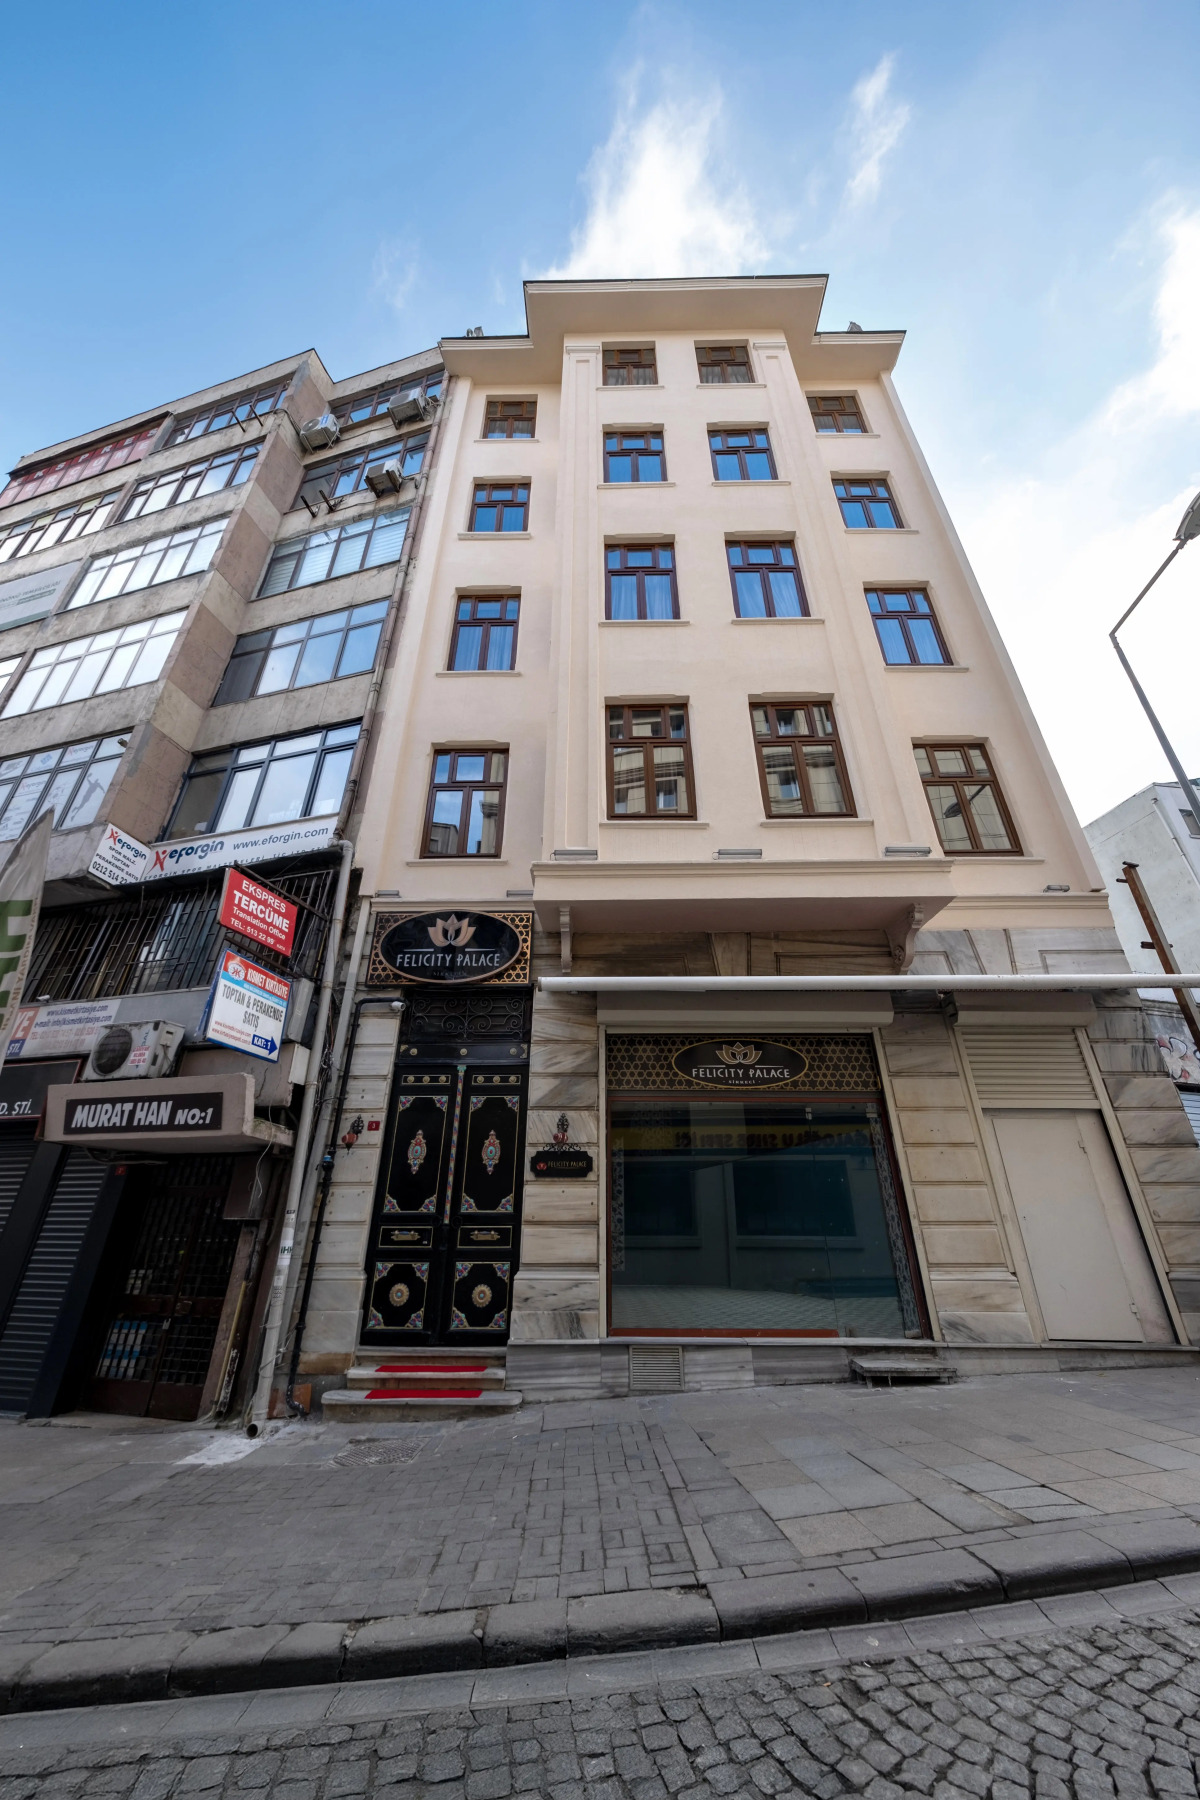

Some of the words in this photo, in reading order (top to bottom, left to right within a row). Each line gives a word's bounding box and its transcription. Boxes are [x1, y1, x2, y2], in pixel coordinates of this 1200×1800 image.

[117, 838, 147, 861] eforgin
[233, 827, 329, 850] www.eforgin.com
[95, 853, 125, 872] PERAKENDE
[111, 854, 131, 868] TOPTAN
[168, 840, 225, 864] eforgin
[92, 861, 108, 875] 0212
[108, 870, 120, 881] 514
[242, 879, 287, 913] EKSPRES
[233, 889, 290, 933] TERCÜME
[230, 918, 246, 930] TEL:
[246, 926, 258, 936] 513
[258, 932, 266, 941] 22
[233, 907, 268, 930] Translation
[268, 926, 286, 940] Office
[396, 953, 453, 967] FELICITY
[456, 953, 501, 967] PALACE
[222, 985, 247, 1006] TOPTAN
[246, 995, 252, 1008] &
[252, 998, 284, 1022] PERAKENDE
[243, 1010, 260, 1032] SATIŞ
[253, 1035, 267, 1047] KAT:
[267, 1041, 272, 1049] 1
[692, 1068, 744, 1078] FELICITY
[749, 1068, 791, 1078] PALACE
[12, 1099, 33, 1117] ŞTİ.
[71, 1102, 133, 1128] MURAT
[133, 1100, 173, 1126] HAN
[174, 1107, 213, 1125] NO:1
[547, 1160, 570, 1168] FELICITY
[570, 1160, 587, 1168] PALACE
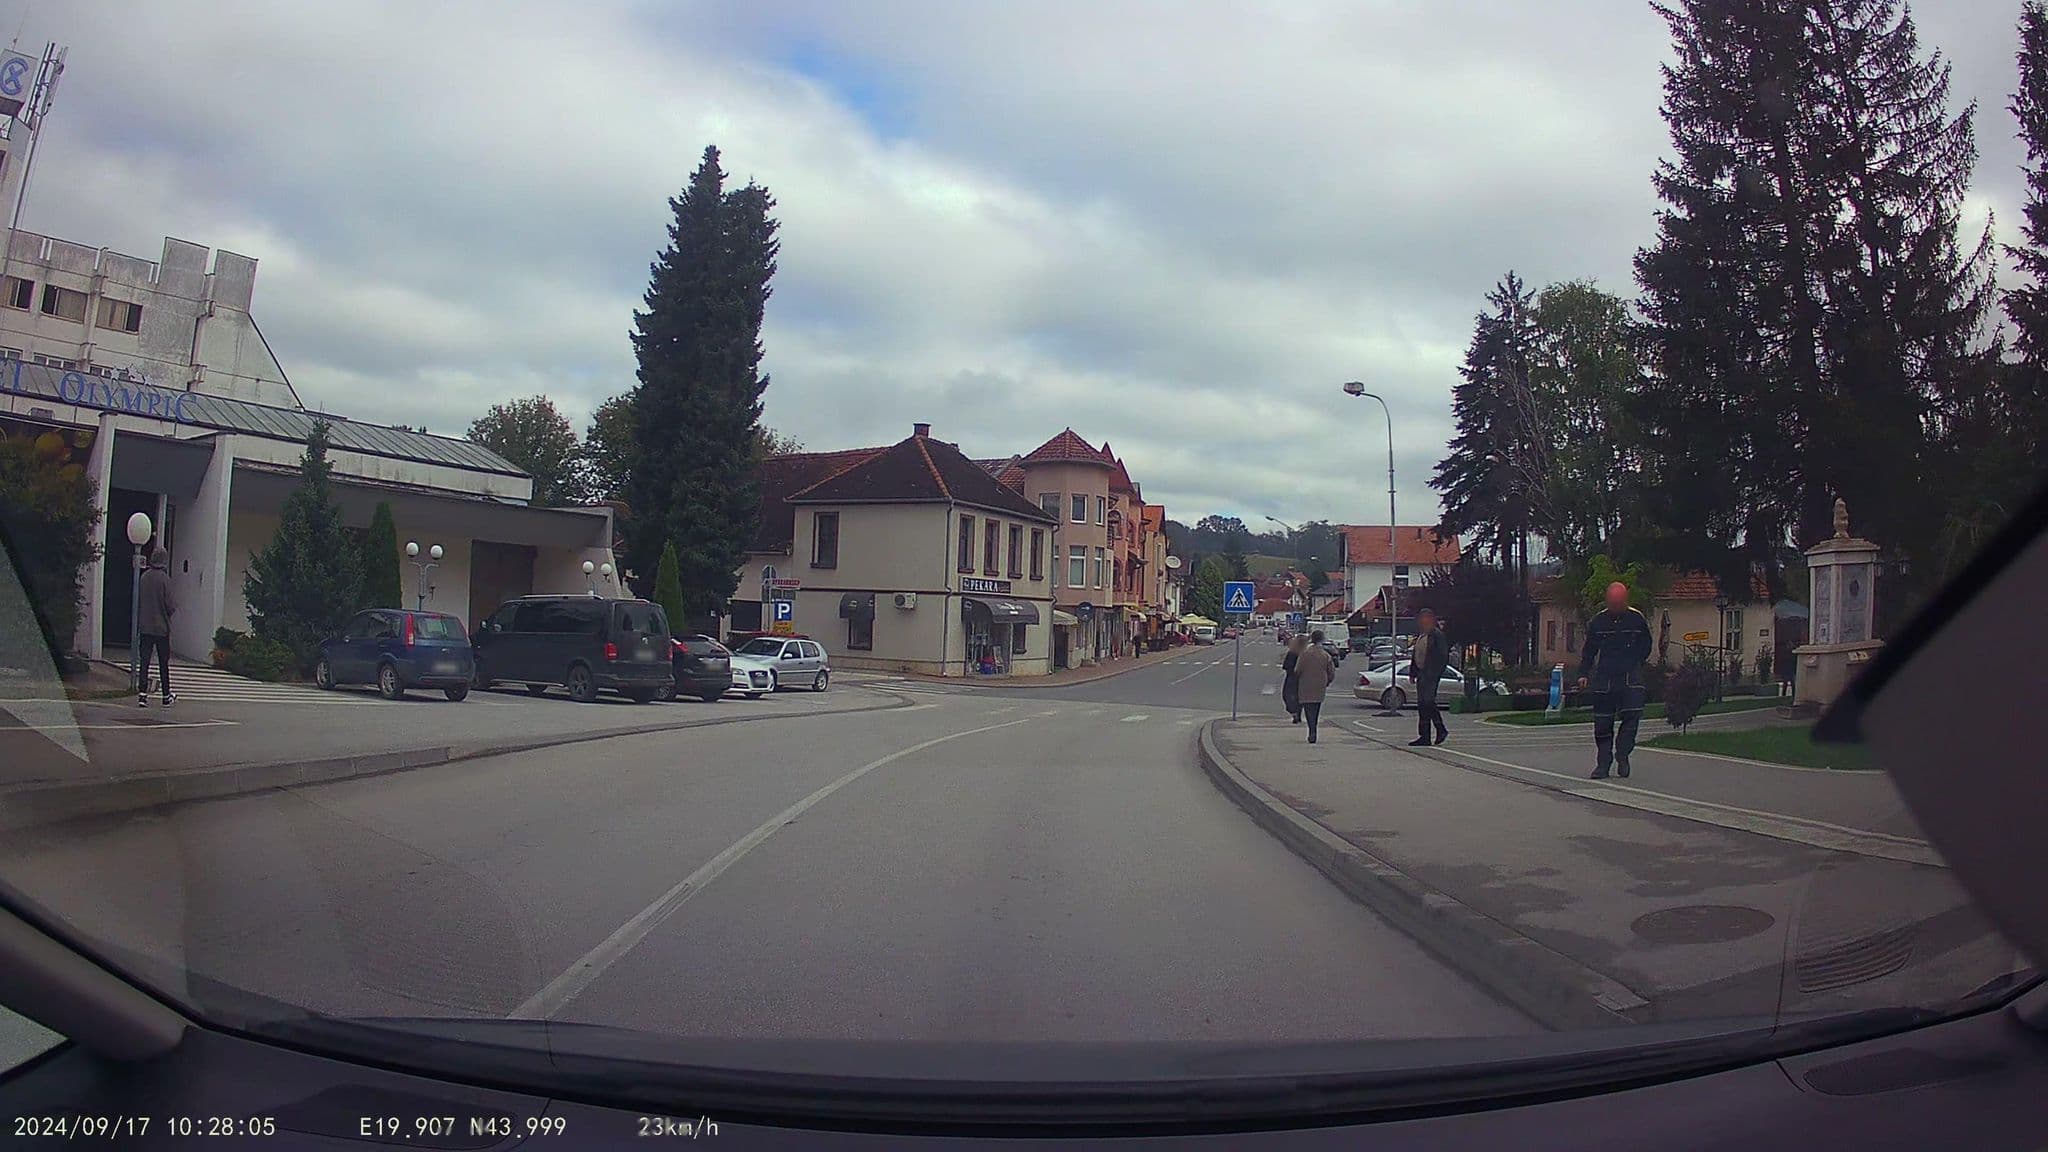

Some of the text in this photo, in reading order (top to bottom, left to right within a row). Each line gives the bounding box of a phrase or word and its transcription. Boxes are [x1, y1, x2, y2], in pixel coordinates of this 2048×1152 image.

————

WHAT NEEDS TO BE DONE -
Quote each record exactly as it stands, minus the pictures.

OUTPUT OF THE EXERCISE -
Some of the words in this photo, in reading order (top to bottom, left to right within a row). Each line gives a word's bounding box and its transcription. Boxes are [x1, y1, x2, y2], in pixel coordinates of this 1200×1800 image.

[117, 838, 147, 861] eforgin
[233, 827, 329, 850] www.eforgin.com
[95, 853, 125, 872] PERAKENDE
[111, 854, 131, 868] TOPTAN
[168, 840, 225, 864] eforgin
[92, 861, 108, 875] 0212
[108, 870, 120, 881] 514
[242, 879, 287, 913] EKSPRES
[233, 889, 290, 933] TERCÜME
[230, 918, 246, 930] TEL:
[246, 926, 258, 936] 513
[258, 932, 266, 941] 22
[233, 907, 268, 930] Translation
[268, 926, 286, 940] Office
[396, 953, 453, 967] FELICITY
[456, 953, 501, 967] PALACE
[222, 985, 247, 1006] TOPTAN
[246, 995, 252, 1008] &
[252, 998, 284, 1022] PERAKENDE
[243, 1010, 260, 1032] SATIŞ
[253, 1035, 267, 1047] KAT:
[267, 1041, 272, 1049] 1
[692, 1068, 744, 1078] FELICITY
[749, 1068, 791, 1078] PALACE
[12, 1099, 33, 1117] ŞTİ.
[71, 1102, 133, 1128] MURAT
[133, 1100, 173, 1126] HAN
[174, 1107, 213, 1125] NO:1
[547, 1160, 570, 1168] FELICITY
[570, 1160, 587, 1168] PALACE

Some of the text in this photo, in reading order (top to bottom, left to right within a row). Each line gives the bounding box of a phrase or word and its transcription. Boxes are [x1, y1, x2, y2], in pixel coordinates of this 2048×1152 image.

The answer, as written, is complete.